Record extracts START

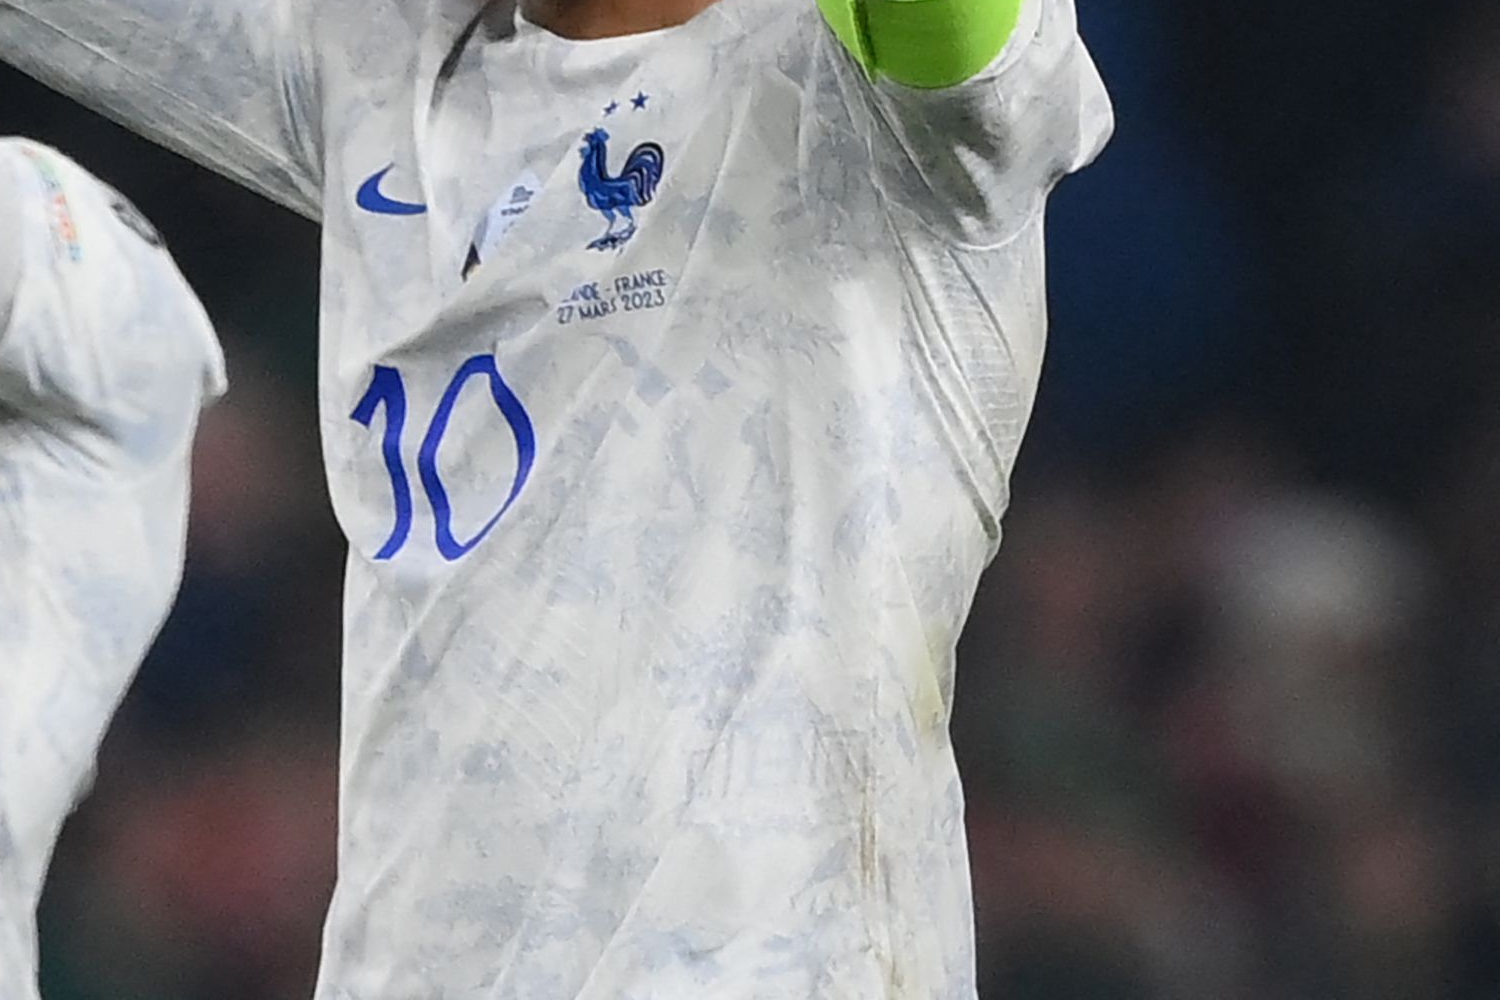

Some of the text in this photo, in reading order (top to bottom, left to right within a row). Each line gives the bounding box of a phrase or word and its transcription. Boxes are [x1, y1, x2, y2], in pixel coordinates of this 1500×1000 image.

[614, 269, 667, 295] FRANCE
[558, 288, 666, 325] 27 MARS 2023
[349, 354, 536, 561] 10
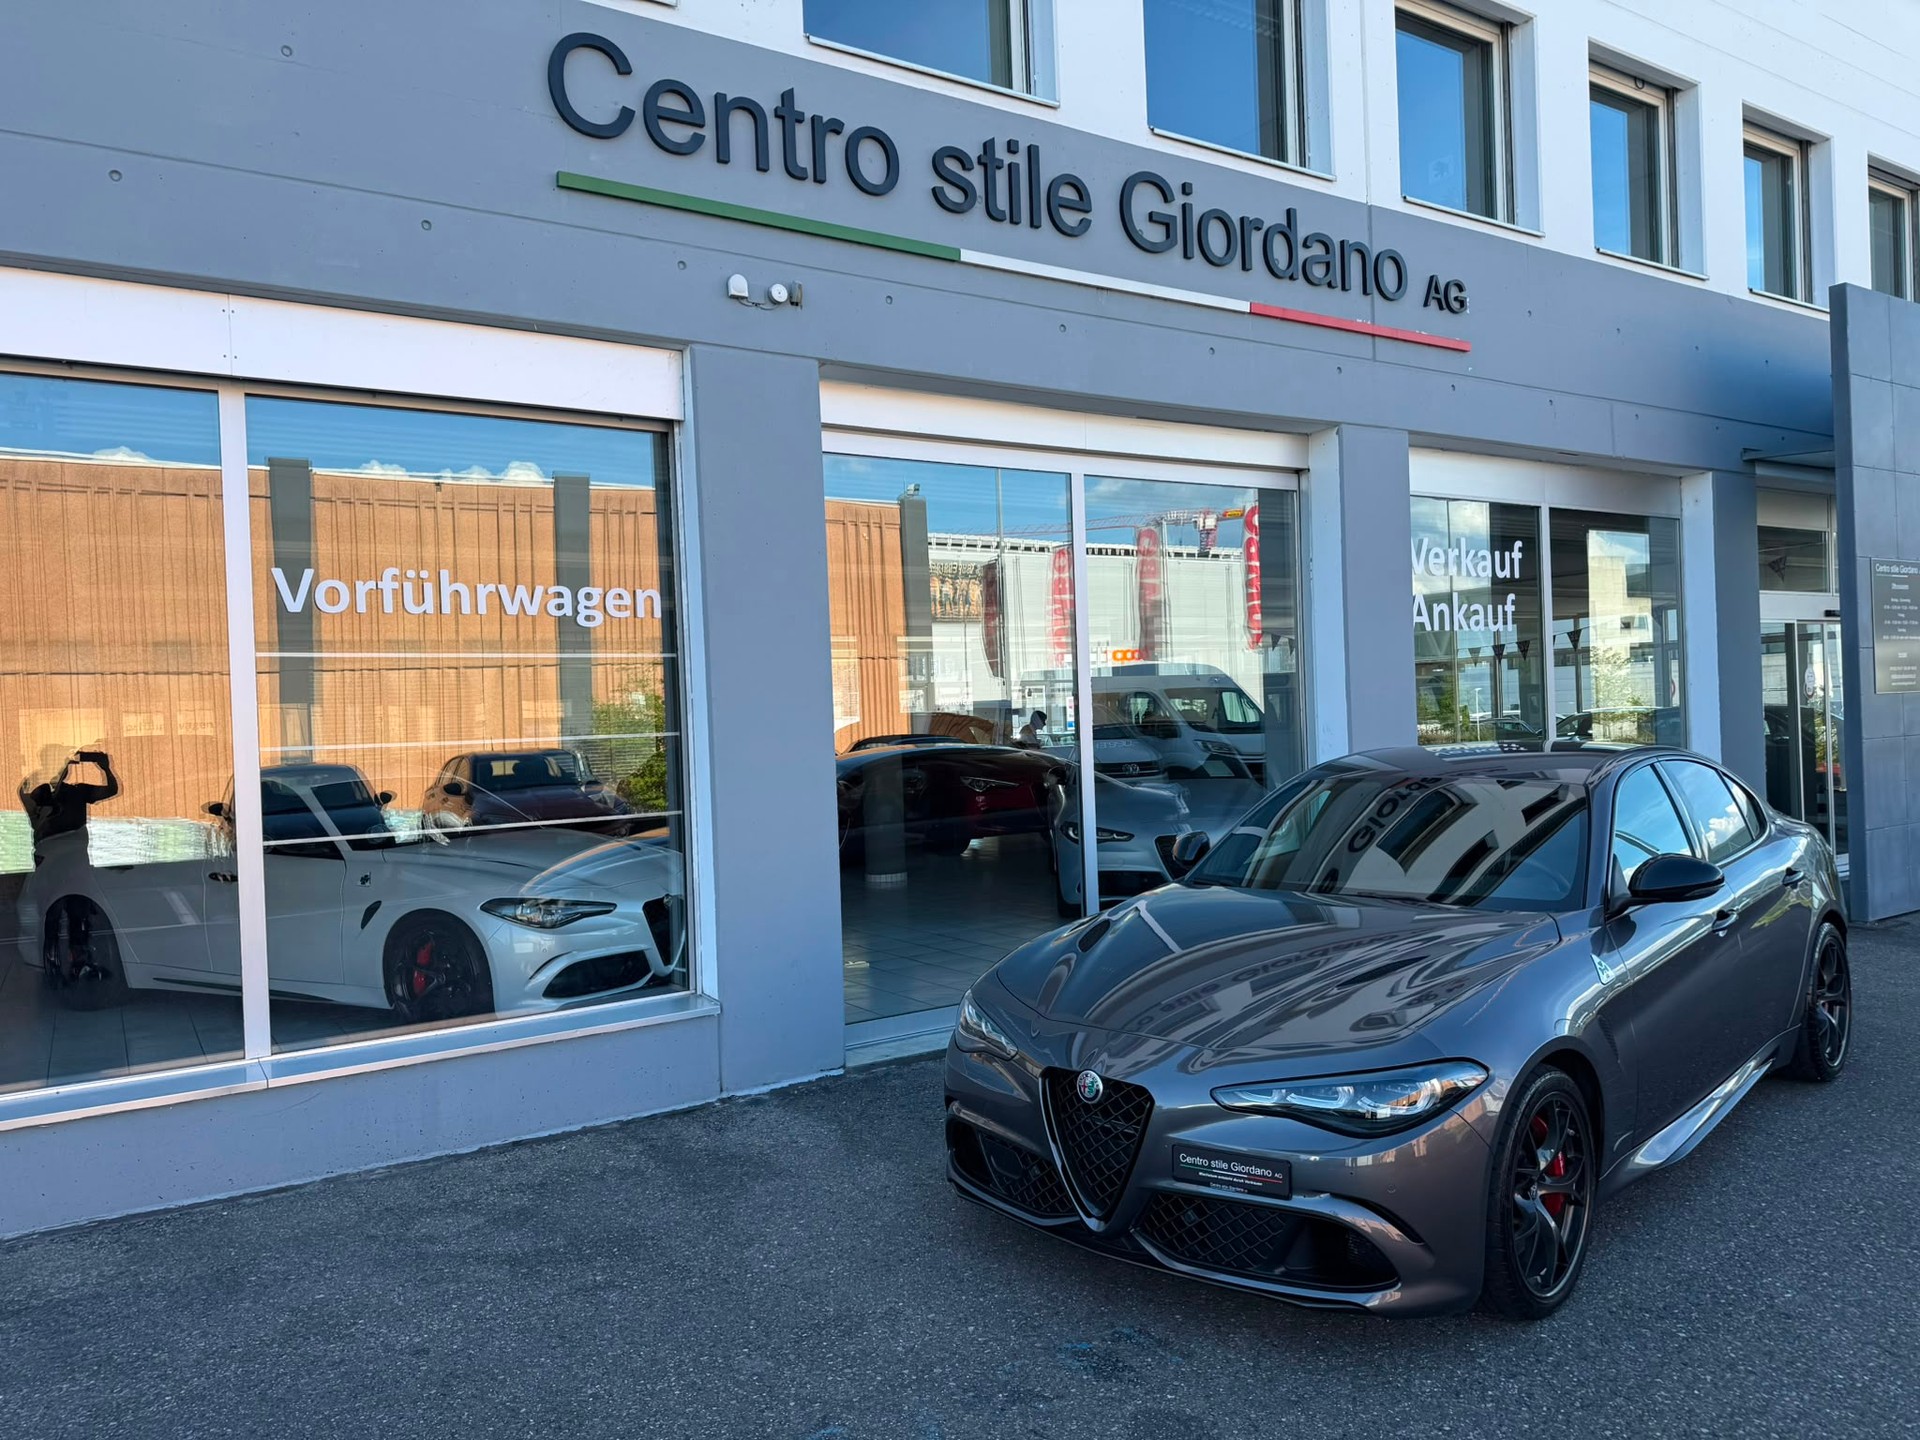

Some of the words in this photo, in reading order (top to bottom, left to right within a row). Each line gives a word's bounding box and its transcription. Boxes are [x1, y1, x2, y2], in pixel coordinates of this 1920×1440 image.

[547, 32, 900, 197] Centro
[931, 137, 1092, 238] stile
[1119, 171, 1408, 301] Giordano
[1423, 274, 1469, 314] AG
[1410, 537, 1523, 579] Verkauf
[1875, 563, 1890, 573] Centro
[271, 567, 662, 628] Vorführwagen
[1412, 592, 1516, 632] Ankauf
[1180, 1153, 1209, 1167] Centro
[1210, 1160, 1229, 1170] stile
[1230, 1162, 1272, 1177] Giordano

Record extracts END

● **Your task**: Copy every entry exactly, leaving out the pictures.

● **Written response**:
Some of the text in this photo, in reading order (top to bottom, left to right within a row). Each line gives the bounding box of a phrase or word and its transcription. Boxes are [x1, y1, x2, y2], in pixel coordinates of this 1500×1000 image.

[614, 269, 667, 295] FRANCE
[558, 288, 666, 325] 27 MARS 2023
[349, 354, 536, 561] 10

Some of the words in this photo, in reading order (top to bottom, left to right within a row). Each line gives a word's bounding box and its transcription. Boxes are [x1, y1, x2, y2], in pixel coordinates of this 1920×1440 image.

[547, 32, 900, 197] Centro
[931, 137, 1092, 238] stile
[1119, 171, 1408, 301] Giordano
[1423, 274, 1469, 314] AG
[1410, 537, 1523, 579] Verkauf
[1875, 563, 1890, 573] Centro
[271, 567, 662, 628] Vorführwagen
[1412, 592, 1516, 632] Ankauf
[1180, 1153, 1209, 1167] Centro
[1210, 1160, 1229, 1170] stile
[1230, 1162, 1272, 1177] Giordano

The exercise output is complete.